- To do -
An exact copy of the records is required, minus the pictures they hold.

(Images for object localization)
----------

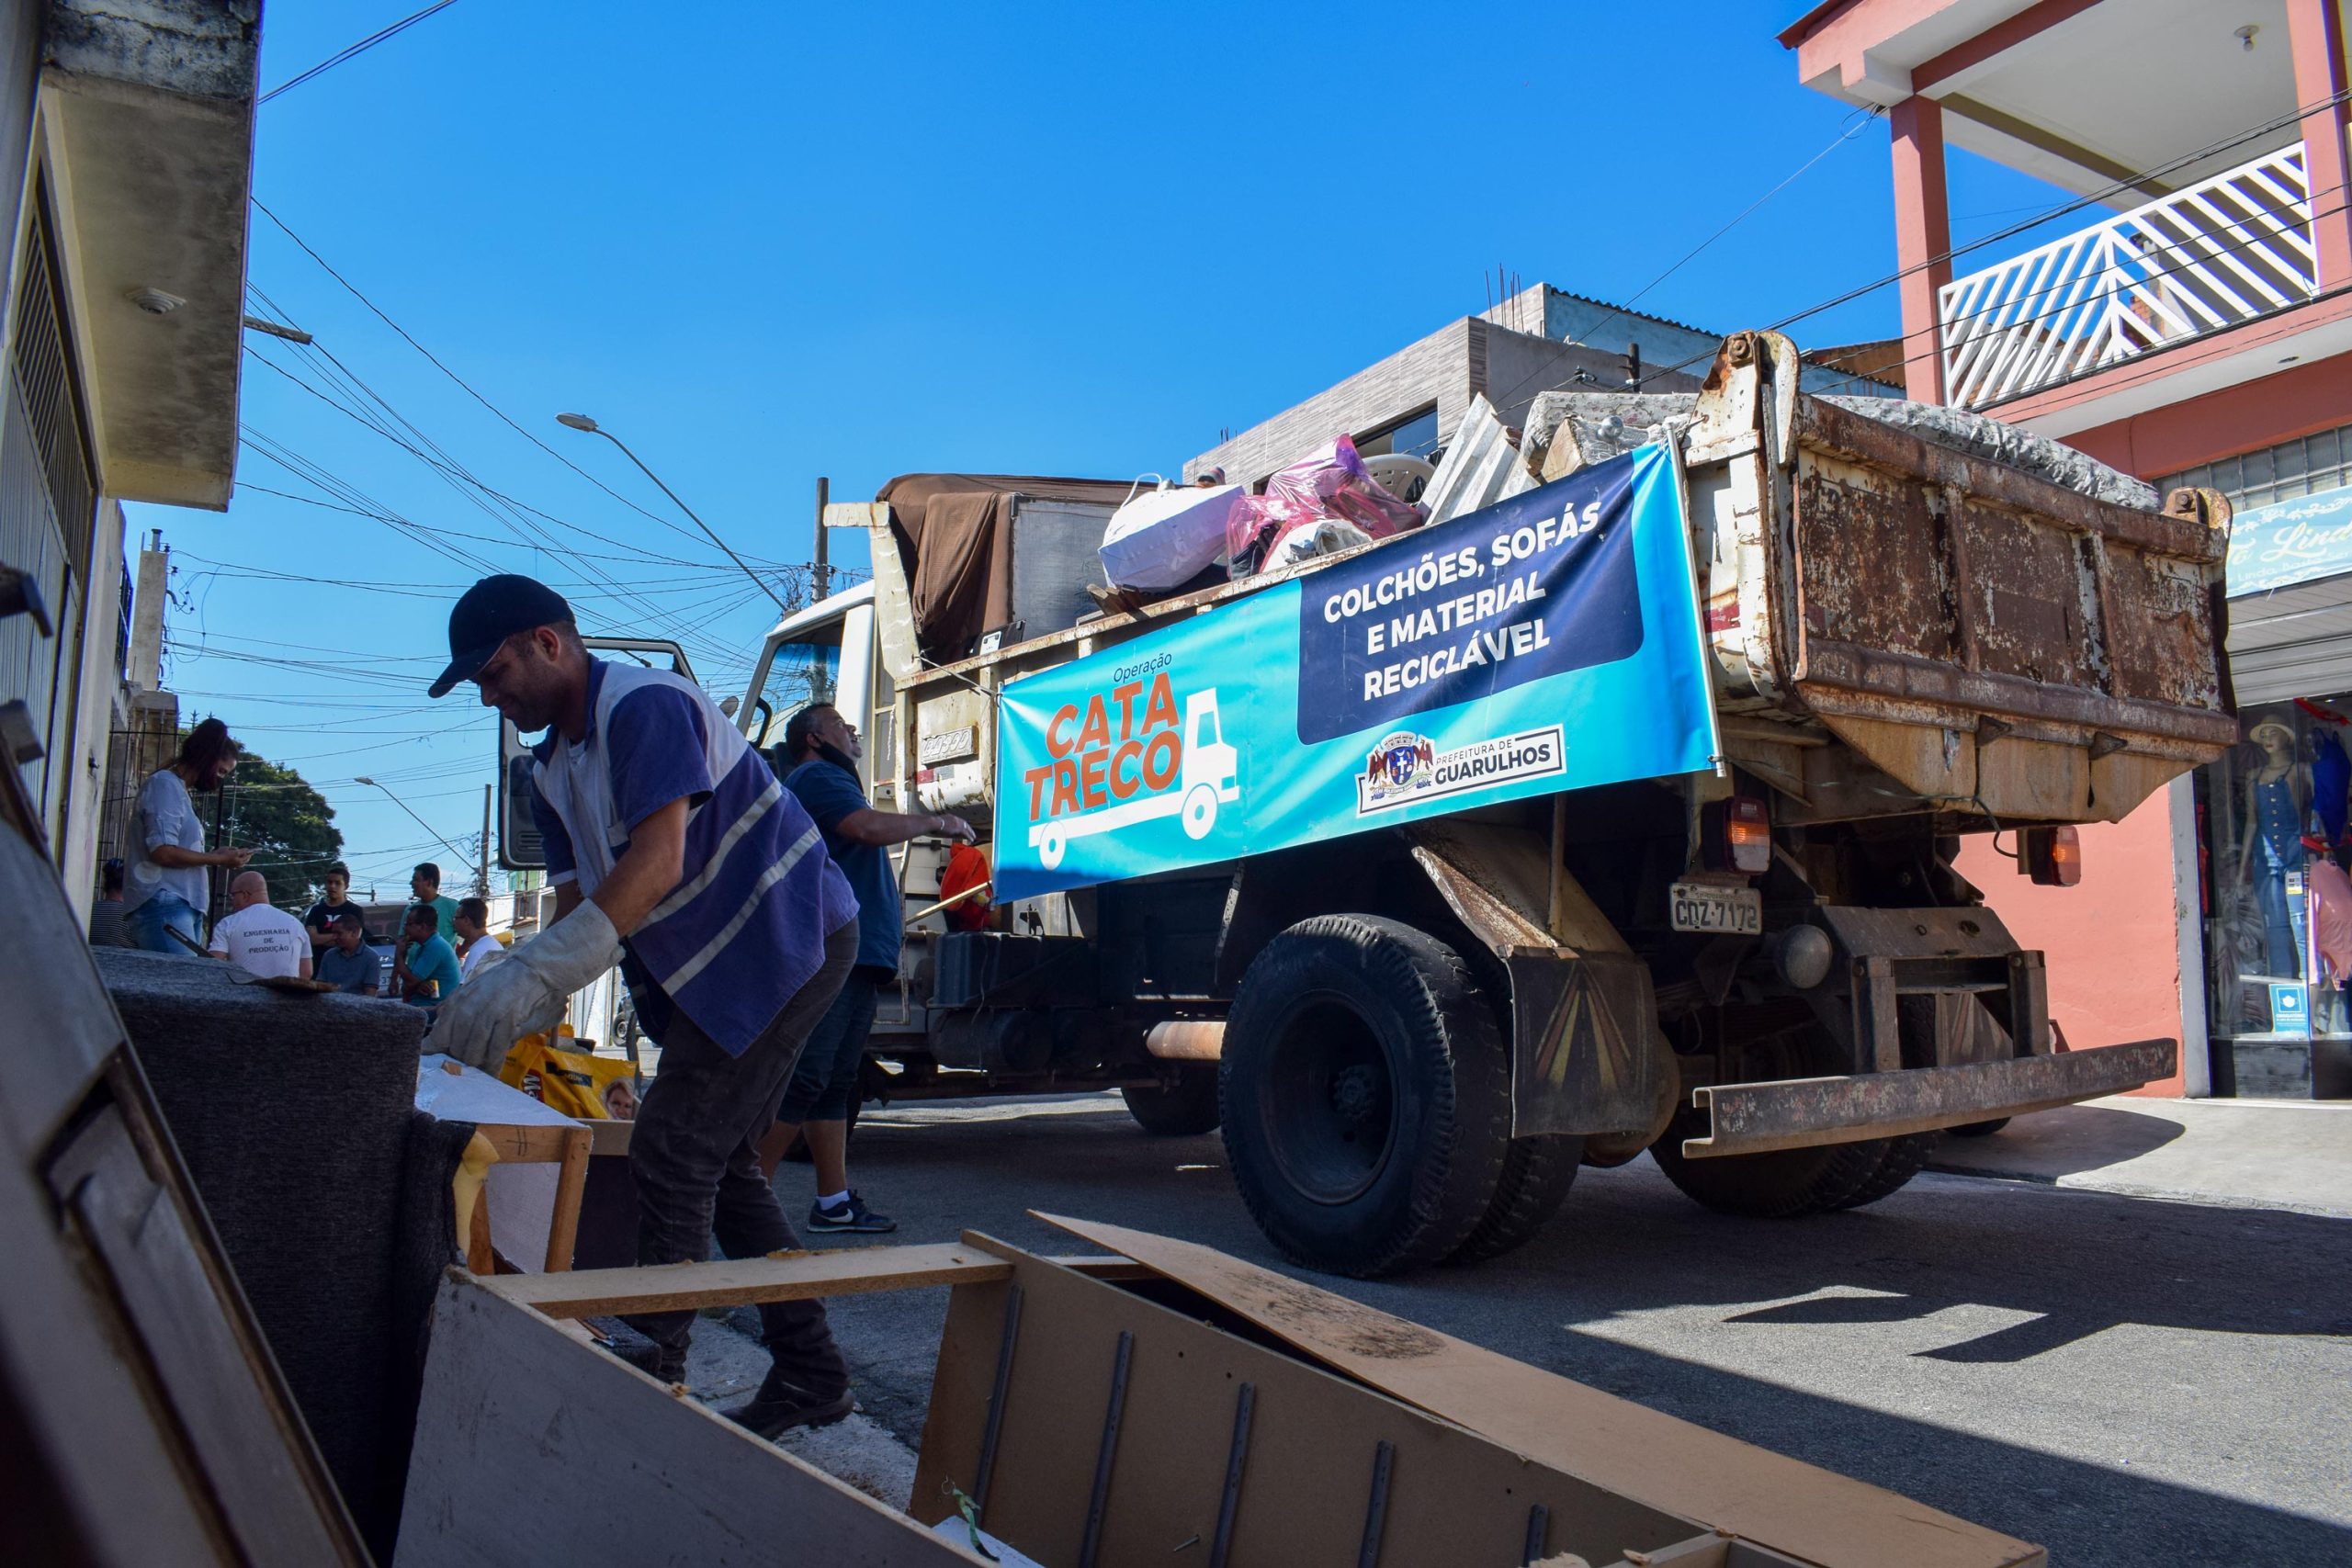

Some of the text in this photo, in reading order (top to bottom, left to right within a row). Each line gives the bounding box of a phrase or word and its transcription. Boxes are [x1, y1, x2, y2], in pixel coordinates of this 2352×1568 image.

[1324, 502, 1602, 624] COLCHÕES, SOFÁS
[1367, 570, 1546, 656] E MATERIAL
[1113, 651, 1172, 683] Operação
[1364, 618, 1551, 701] RECICLÁVEL
[1046, 671, 1180, 760] CATA
[1023, 729, 1182, 822] TRECO
[1434, 743, 1551, 785] GUARULHOS
[1436, 739, 1513, 765] PREFEITURA DE
[243, 929, 290, 937] ENGENHARIA
[249, 943, 289, 953] PRODUÇÃO

----------

- Answer to this problem -
Some of the text in this photo, in reading order (top to bottom, left to right within a row). Each line gives the bounding box of a phrase or word and its transcription. Boxes are [x1, y1, x2, y2], in pixel coordinates of this 2352×1568 image.

[1324, 502, 1602, 624] COLCHÕES, SOFÁS
[1367, 570, 1546, 656] E MATERIAL
[1113, 651, 1172, 683] Operação
[1364, 618, 1551, 701] RECICLÁVEL
[1046, 671, 1180, 760] CATA
[1023, 729, 1182, 822] TRECO
[1434, 743, 1551, 785] GUARULHOS
[1436, 739, 1513, 765] PREFEITURA DE
[243, 929, 290, 937] ENGENHARIA
[249, 943, 289, 953] PRODUÇÃO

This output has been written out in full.